Given data:
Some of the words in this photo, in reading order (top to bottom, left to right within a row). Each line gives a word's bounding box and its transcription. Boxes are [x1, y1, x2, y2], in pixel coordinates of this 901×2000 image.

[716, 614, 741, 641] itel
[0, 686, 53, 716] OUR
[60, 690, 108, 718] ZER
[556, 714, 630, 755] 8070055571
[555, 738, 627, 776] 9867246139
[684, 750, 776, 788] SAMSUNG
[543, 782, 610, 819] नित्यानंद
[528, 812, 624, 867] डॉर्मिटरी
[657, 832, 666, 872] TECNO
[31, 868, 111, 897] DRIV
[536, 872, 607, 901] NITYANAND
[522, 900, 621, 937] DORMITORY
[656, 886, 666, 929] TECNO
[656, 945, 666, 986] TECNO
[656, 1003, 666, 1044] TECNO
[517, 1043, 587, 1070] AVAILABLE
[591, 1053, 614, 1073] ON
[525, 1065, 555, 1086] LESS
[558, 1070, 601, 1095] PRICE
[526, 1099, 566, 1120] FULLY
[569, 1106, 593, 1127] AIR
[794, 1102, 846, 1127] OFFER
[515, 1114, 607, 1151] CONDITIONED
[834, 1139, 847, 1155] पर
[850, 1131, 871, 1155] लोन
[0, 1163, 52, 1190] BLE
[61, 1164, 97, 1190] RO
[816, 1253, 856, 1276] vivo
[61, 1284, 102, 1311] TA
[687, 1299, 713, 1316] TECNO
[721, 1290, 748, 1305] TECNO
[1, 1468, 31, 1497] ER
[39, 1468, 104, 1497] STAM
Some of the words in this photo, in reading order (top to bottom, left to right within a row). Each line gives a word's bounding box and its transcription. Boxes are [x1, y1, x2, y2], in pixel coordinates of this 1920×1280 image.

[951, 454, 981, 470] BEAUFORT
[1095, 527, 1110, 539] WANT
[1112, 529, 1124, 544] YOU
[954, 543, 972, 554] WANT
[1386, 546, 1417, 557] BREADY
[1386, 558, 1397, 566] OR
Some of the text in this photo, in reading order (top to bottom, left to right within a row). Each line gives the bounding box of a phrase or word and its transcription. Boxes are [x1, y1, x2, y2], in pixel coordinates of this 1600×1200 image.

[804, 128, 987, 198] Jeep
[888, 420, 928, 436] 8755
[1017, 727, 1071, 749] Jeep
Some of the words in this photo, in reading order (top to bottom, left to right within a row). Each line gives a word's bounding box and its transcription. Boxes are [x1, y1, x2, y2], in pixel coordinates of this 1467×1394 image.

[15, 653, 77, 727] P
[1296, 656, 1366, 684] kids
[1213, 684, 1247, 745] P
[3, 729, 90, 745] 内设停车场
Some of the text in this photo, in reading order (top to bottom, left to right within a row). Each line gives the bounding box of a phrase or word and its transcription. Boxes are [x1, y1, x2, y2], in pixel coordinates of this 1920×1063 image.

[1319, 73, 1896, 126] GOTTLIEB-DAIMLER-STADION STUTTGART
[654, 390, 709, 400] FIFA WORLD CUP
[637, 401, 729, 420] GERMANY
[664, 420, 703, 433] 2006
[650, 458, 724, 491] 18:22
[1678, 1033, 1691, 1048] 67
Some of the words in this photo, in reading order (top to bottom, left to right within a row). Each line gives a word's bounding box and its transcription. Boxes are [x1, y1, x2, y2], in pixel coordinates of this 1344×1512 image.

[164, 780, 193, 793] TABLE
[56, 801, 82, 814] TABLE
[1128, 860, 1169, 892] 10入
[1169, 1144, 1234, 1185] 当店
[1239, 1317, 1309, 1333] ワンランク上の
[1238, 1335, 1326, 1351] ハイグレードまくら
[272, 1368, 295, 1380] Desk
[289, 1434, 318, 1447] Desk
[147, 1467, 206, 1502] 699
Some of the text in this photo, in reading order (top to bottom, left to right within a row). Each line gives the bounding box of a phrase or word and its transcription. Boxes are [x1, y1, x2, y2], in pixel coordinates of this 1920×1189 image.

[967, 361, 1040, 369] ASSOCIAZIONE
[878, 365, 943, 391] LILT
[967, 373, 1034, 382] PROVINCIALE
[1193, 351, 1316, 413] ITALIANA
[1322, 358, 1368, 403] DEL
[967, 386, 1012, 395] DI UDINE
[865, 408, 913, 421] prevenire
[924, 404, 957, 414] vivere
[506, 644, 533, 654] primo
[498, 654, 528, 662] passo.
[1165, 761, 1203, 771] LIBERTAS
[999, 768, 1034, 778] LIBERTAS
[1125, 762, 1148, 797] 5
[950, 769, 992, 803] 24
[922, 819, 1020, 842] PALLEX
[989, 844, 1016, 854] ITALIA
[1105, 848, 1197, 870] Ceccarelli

What you have to do: Retype the entries exactly, including every line.

Response to the exercise:
Some of the words in this photo, in reading order (top to bottom, left to right within a row). Each line gives a word's bounding box and its transcription. Boxes are [x1, y1, x2, y2], in pixel coordinates of this 901×2000 image.

[716, 614, 741, 641] itel
[0, 686, 53, 716] OUR
[60, 690, 108, 718] ZER
[556, 714, 630, 755] 8070055571
[555, 738, 627, 776] 9867246139
[684, 750, 776, 788] SAMSUNG
[543, 782, 610, 819] नित्यानंद
[528, 812, 624, 867] डॉर्मिटरी
[657, 832, 666, 872] TECNO
[31, 868, 111, 897] DRIV
[536, 872, 607, 901] NITYANAND
[522, 900, 621, 937] DORMITORY
[656, 886, 666, 929] TECNO
[656, 945, 666, 986] TECNO
[656, 1003, 666, 1044] TECNO
[517, 1043, 587, 1070] AVAILABLE
[591, 1053, 614, 1073] ON
[525, 1065, 555, 1086] LESS
[558, 1070, 601, 1095] PRICE
[526, 1099, 566, 1120] FULLY
[569, 1106, 593, 1127] AIR
[794, 1102, 846, 1127] OFFER
[515, 1114, 607, 1151] CONDITIONED
[834, 1139, 847, 1155] पर
[850, 1131, 871, 1155] लोन
[0, 1163, 52, 1190] BLE
[61, 1164, 97, 1190] RO
[816, 1253, 856, 1276] vivo
[61, 1284, 102, 1311] TA
[687, 1299, 713, 1316] TECNO
[721, 1290, 748, 1305] TECNO
[1, 1468, 31, 1497] ER
[39, 1468, 104, 1497] STAM
Some of the words in this photo, in reading order (top to bottom, left to right within a row). Each line gives a word's bounding box and its transcription. Boxes are [x1, y1, x2, y2], in pixel coordinates of this 1920×1280 image.

[951, 454, 981, 470] BEAUFORT
[1095, 527, 1110, 539] WANT
[1112, 529, 1124, 544] YOU
[954, 543, 972, 554] WANT
[1386, 546, 1417, 557] BREADY
[1386, 558, 1397, 566] OR
Some of the text in this photo, in reading order (top to bottom, left to right within a row). Each line gives the bounding box of a phrase or word and its transcription. Boxes are [x1, y1, x2, y2], in pixel coordinates of this 1600×1200 image.

[804, 128, 987, 198] Jeep
[888, 420, 928, 436] 8755
[1017, 727, 1071, 749] Jeep
Some of the words in this photo, in reading order (top to bottom, left to right within a row). Each line gives a word's bounding box and its transcription. Boxes are [x1, y1, x2, y2], in pixel coordinates of this 1467×1394 image.

[15, 653, 77, 727] P
[1296, 656, 1366, 684] kids
[1213, 684, 1247, 745] P
[3, 729, 90, 745] 内设停车场
Some of the text in this photo, in reading order (top to bottom, left to right within a row). Each line gives the bounding box of a phrase or word and its transcription. Boxes are [x1, y1, x2, y2], in pixel coordinates of this 1920×1063 image.

[1319, 73, 1896, 126] GOTTLIEB-DAIMLER-STADION STUTTGART
[654, 390, 709, 400] FIFA WORLD CUP
[637, 401, 729, 420] GERMANY
[664, 420, 703, 433] 2006
[650, 458, 724, 491] 18:22
[1678, 1033, 1691, 1048] 67
Some of the words in this photo, in reading order (top to bottom, left to right within a row). Each line gives a word's bounding box and its transcription. Boxes are [x1, y1, x2, y2], in pixel coordinates of this 1344×1512 image.

[164, 780, 193, 793] TABLE
[56, 801, 82, 814] TABLE
[1128, 860, 1169, 892] 10入
[1169, 1144, 1234, 1185] 当店
[1239, 1317, 1309, 1333] ワンランク上の
[1238, 1335, 1326, 1351] ハイグレードまくら
[272, 1368, 295, 1380] Desk
[289, 1434, 318, 1447] Desk
[147, 1467, 206, 1502] 699
Some of the text in this photo, in reading order (top to bottom, left to right within a row). Each line gives the bounding box of a phrase or word and its transcription. Boxes are [x1, y1, x2, y2], in pixel coordinates of this 1920×1189 image.

[967, 361, 1040, 369] ASSOCIAZIONE
[878, 365, 943, 391] LILT
[967, 373, 1034, 382] PROVINCIALE
[1193, 351, 1316, 413] ITALIANA
[1322, 358, 1368, 403] DEL
[967, 386, 1012, 395] DI UDINE
[865, 408, 913, 421] prevenire
[924, 404, 957, 414] vivere
[506, 644, 533, 654] primo
[498, 654, 528, 662] passo.
[1165, 761, 1203, 771] LIBERTAS
[999, 768, 1034, 778] LIBERTAS
[1125, 762, 1148, 797] 5
[950, 769, 992, 803] 24
[922, 819, 1020, 842] PALLEX
[989, 844, 1016, 854] ITALIA
[1105, 848, 1197, 870] Ceccarelli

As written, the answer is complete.